TASK TO COMPLETE
Write an exact copy of the entries below that leaves out all pictures.

(Collected data entries)

Content starts

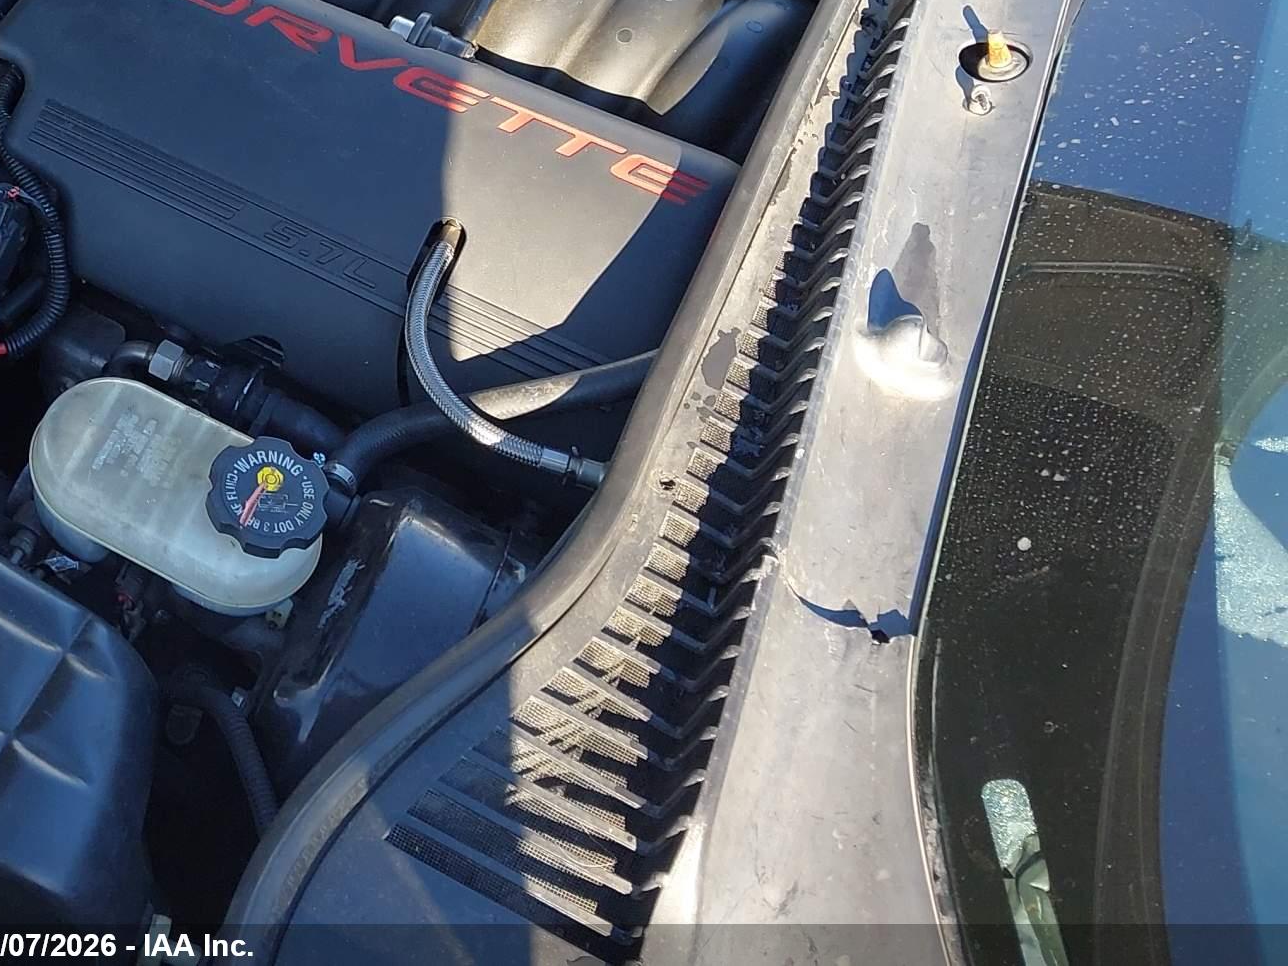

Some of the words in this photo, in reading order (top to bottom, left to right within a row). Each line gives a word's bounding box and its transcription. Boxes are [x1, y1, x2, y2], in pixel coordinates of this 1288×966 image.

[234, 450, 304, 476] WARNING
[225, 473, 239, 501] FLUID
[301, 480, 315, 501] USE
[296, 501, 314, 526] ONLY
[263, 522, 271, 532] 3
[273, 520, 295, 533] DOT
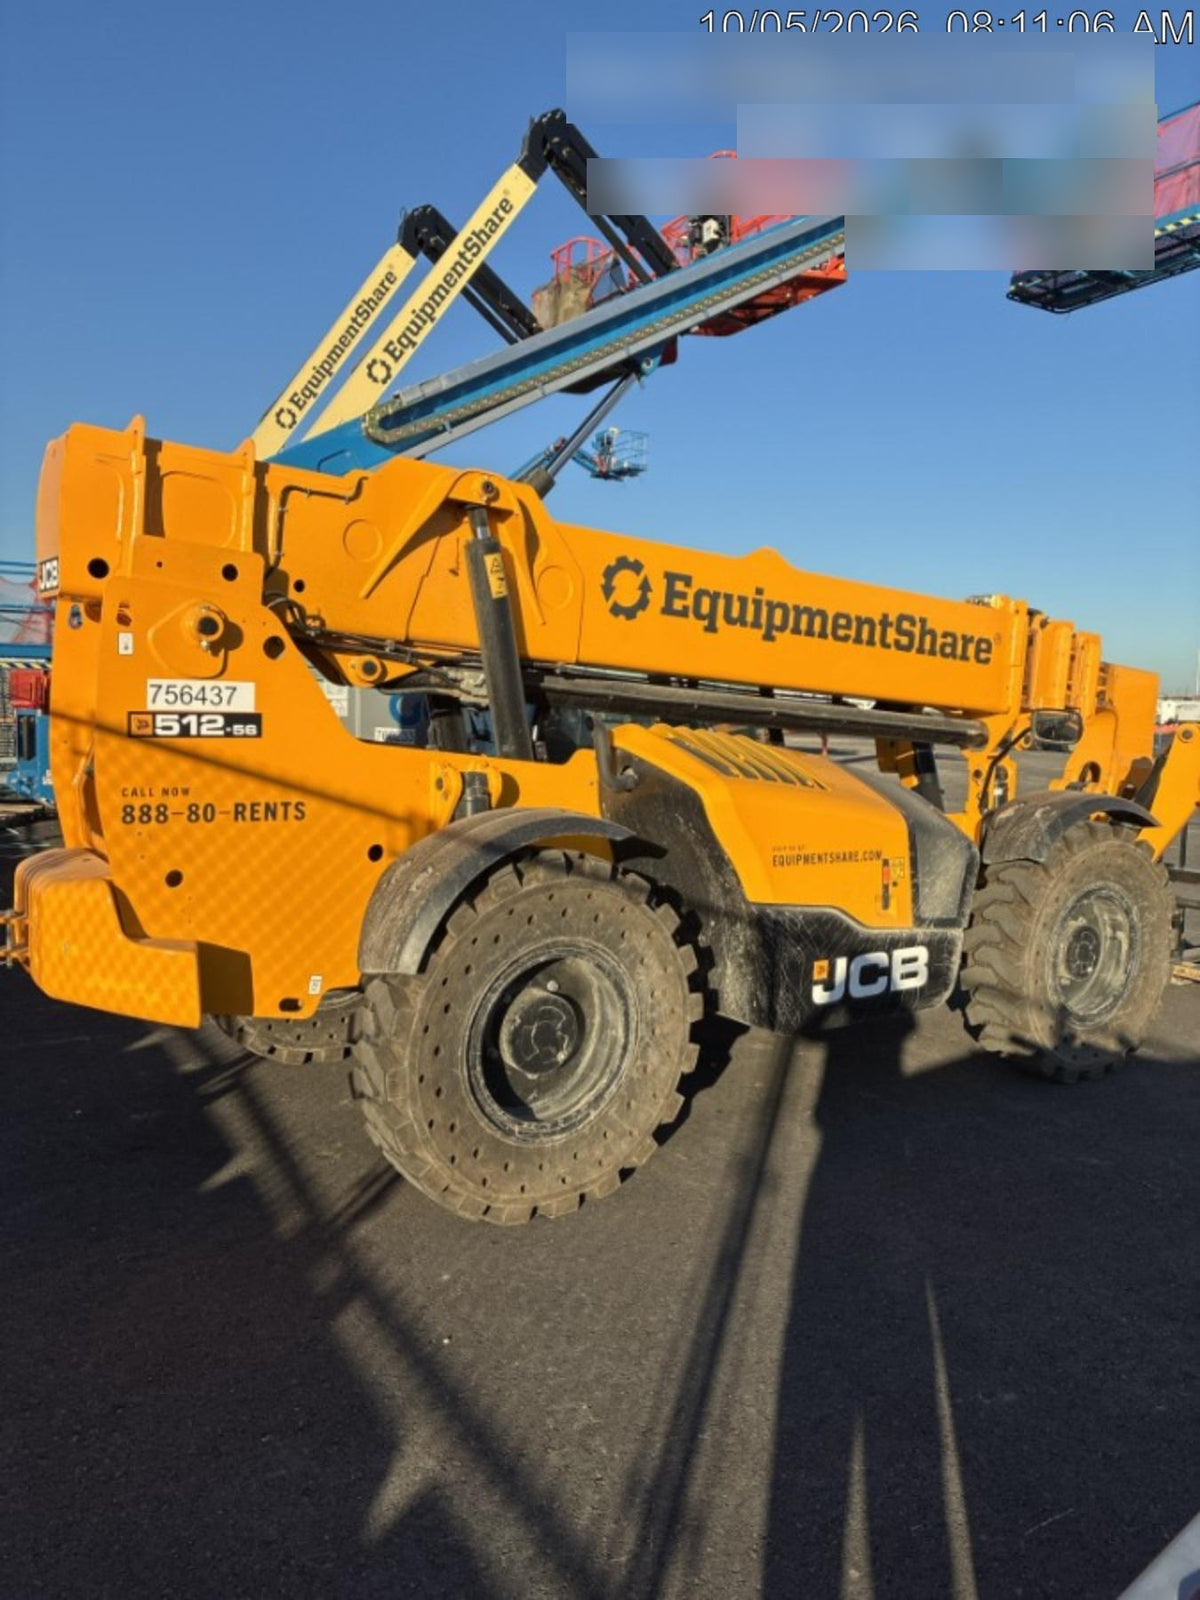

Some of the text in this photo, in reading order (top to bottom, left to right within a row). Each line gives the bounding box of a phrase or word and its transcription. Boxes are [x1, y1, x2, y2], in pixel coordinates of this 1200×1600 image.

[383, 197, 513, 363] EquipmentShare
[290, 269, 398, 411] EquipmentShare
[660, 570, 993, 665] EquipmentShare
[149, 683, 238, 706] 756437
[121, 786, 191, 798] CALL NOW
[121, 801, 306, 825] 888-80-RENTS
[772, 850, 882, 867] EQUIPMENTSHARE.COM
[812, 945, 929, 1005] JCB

Content ends

TASK ANSWER
Some of the words in this photo, in reading order (top to bottom, left to right within a row). Each line gives a word's bounding box and its transcription. Boxes are [x1, y1, x2, y2], in pixel coordinates of this 1288×966 image.

[234, 450, 304, 476] WARNING
[225, 473, 239, 501] FLUID
[301, 480, 315, 501] USE
[296, 501, 314, 526] ONLY
[263, 522, 271, 532] 3
[273, 520, 295, 533] DOT

Some of the text in this photo, in reading order (top to bottom, left to right within a row). Each line gives the bounding box of a phrase or word and its transcription. Boxes are [x1, y1, x2, y2], in pixel coordinates of this 1200×1600 image.

[383, 197, 513, 363] EquipmentShare
[290, 269, 398, 411] EquipmentShare
[660, 570, 993, 665] EquipmentShare
[149, 683, 238, 706] 756437
[121, 786, 191, 798] CALL NOW
[121, 801, 306, 825] 888-80-RENTS
[772, 850, 882, 867] EQUIPMENTSHARE.COM
[812, 945, 929, 1005] JCB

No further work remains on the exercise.